Journal of
Development and Agricultural Economics

  • Abbreviation: J. Dev. Agric. Econ.
  • Language: English
  • ISSN: 2006-9774
  • DOI: 10.5897/JDAE
  • Start Year: 2009
  • Published Articles: 552

Full Length Research Paper

Comparative analysis of poverty effects of various candidate biofuel crops in South Africa

Nicholas N. Ngepah
Competition Commission South Africa, Private Bag X23, Lynnwood Ridge 0040, and University of Johannesburg, Johannesburg, South Africa.
Email: [email protected]

  •  Published: 28 February 2010


The aim of this study was to investigate the poverty reduction impact of various potential biofuel crops in South Africa. A simple pro-poor development framework (in which income is substituted for by its function) is specified. After analysis for outliers with considerable leverage, a robust regression option was used to carry out estimations for physical output, values and inputs of each crop. For reasons of data availability, the crops considered were maize, wheat, sorghum and sugarcane for bioethanol, and groundnuts, soybeans and sunflower for biodiesel. The results suggest that various crops have different impacts on the different poverty measures. If a biofuel strategy’s intent is to promote (income) poverty reduction, then for South Africa sugarcane should be prioritised for bioethanol and groundnut for biodiesel. Other crops like maize and sunflower would require stronger support to small farmers. The finding also suggests that poverty reduction comes mainly by employment of the poor in commercial farming. There is suggestion that investment in farming by the poor is often inadequate and would generally result to poverty exacerbation.
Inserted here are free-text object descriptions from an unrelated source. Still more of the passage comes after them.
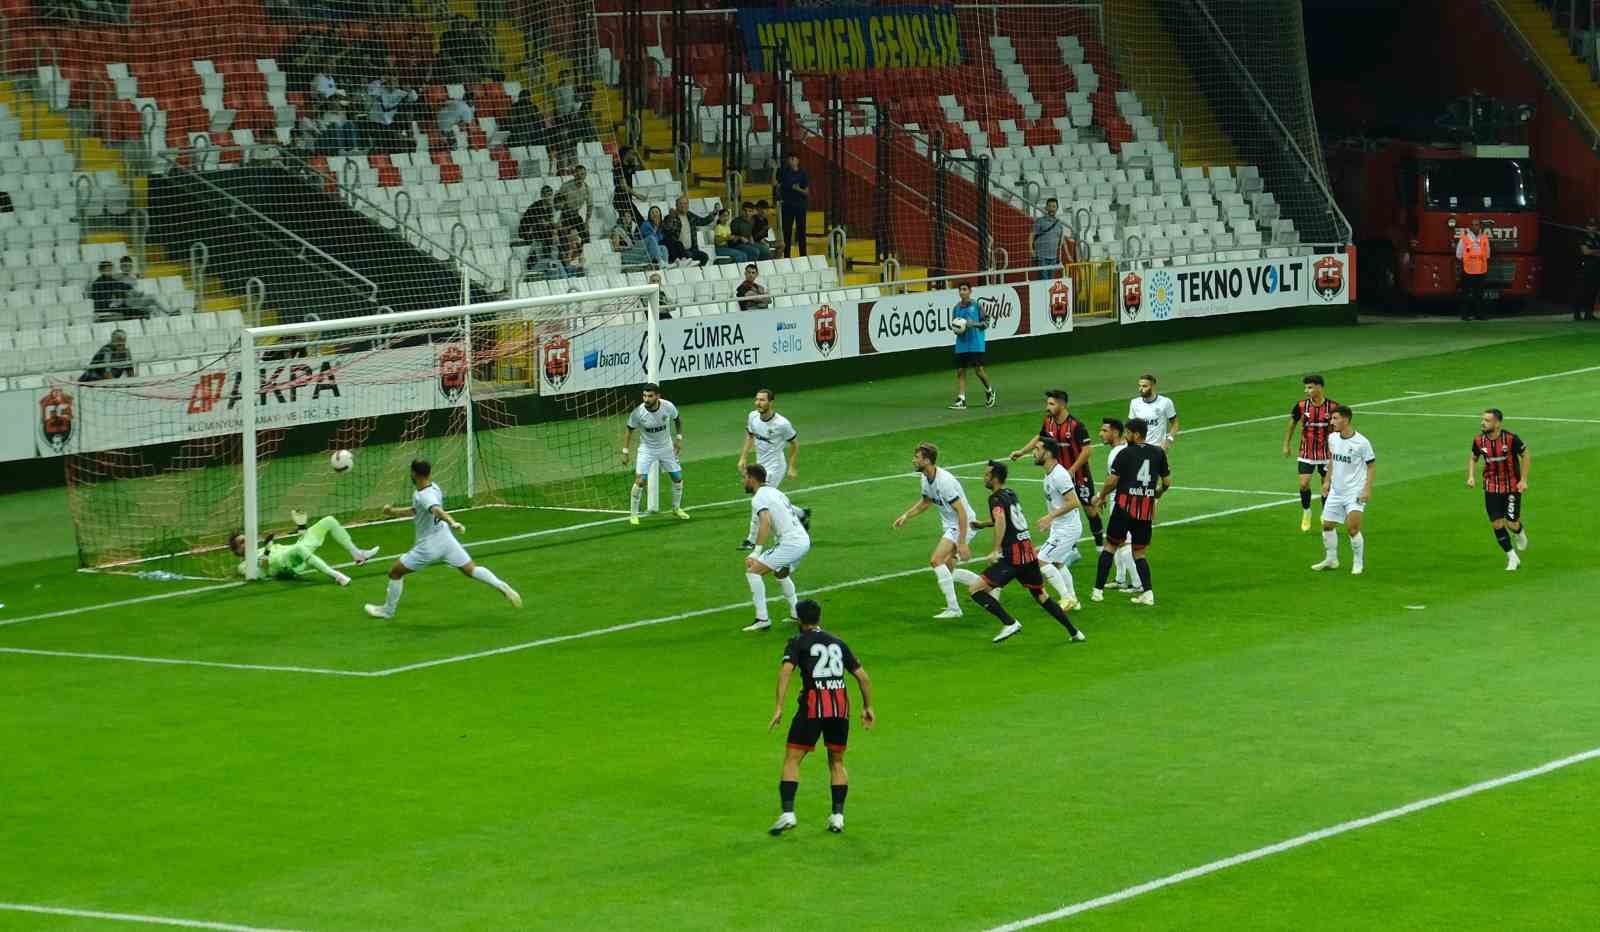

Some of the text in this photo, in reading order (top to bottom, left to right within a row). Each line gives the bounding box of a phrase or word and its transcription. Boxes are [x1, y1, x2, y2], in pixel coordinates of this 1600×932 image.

[1177, 267, 1243, 303] TEKNO
[1246, 263, 1303, 295] VOLT
[683, 322, 745, 350] ZÜMRA
[772, 335, 802, 354] stella
[599, 350, 630, 368] bianca
[671, 347, 760, 373] YAPI MARKET
[1137, 459, 1151, 487] 4
[810, 643, 844, 679] 28
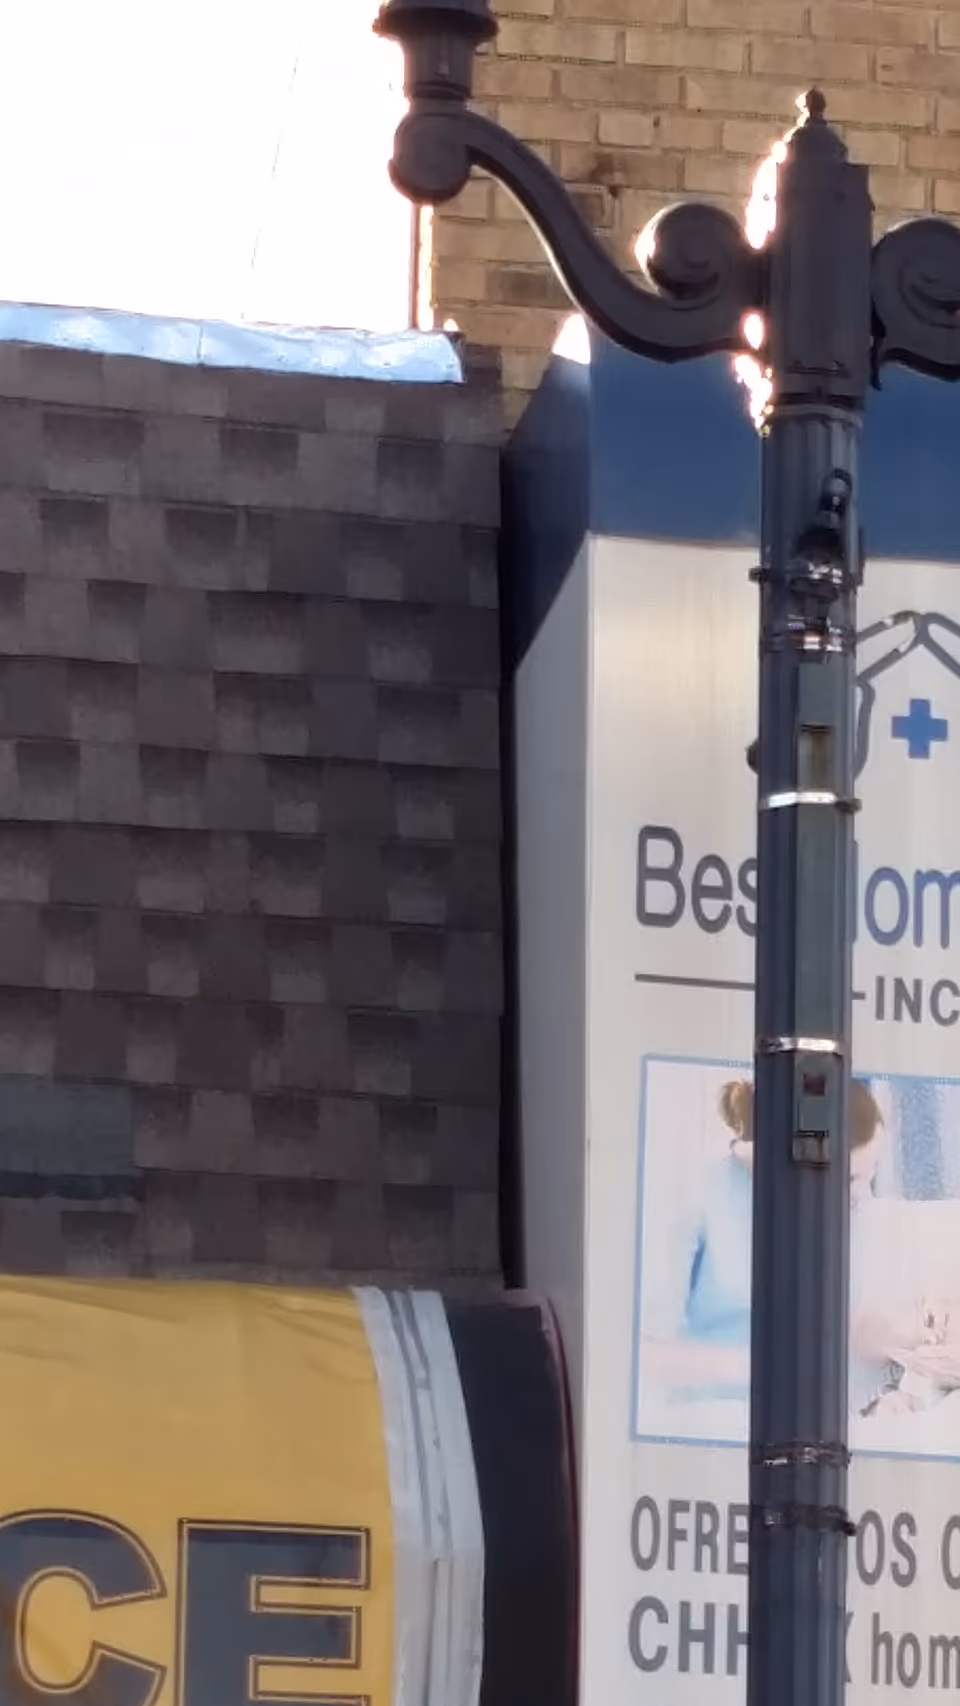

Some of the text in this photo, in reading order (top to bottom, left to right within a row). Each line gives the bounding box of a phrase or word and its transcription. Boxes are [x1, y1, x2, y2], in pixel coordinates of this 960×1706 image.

[874, 974, 960, 1027] INC
[630, 1496, 918, 1588] OFREOS
[628, 1596, 752, 1676] CHH
The implication is that the capital base of the poor must be broadened for them to effectively participate in farming. This has to be done without stifling commercial farming which is simultaneously contributing to poverty reduction through employment. These recommendations hold for sugarcane, groundnut and maize. However, a weakness worth mentioning is that the data is likely to underestimate or completely ignore most of the subsistence producers whose production is mainly for own consumption. Therefore, poverty impact could equally experience a downward bias in the models estimated here.


Key words: Biofuel crops, comparative analysis, poverty effect, South Africa.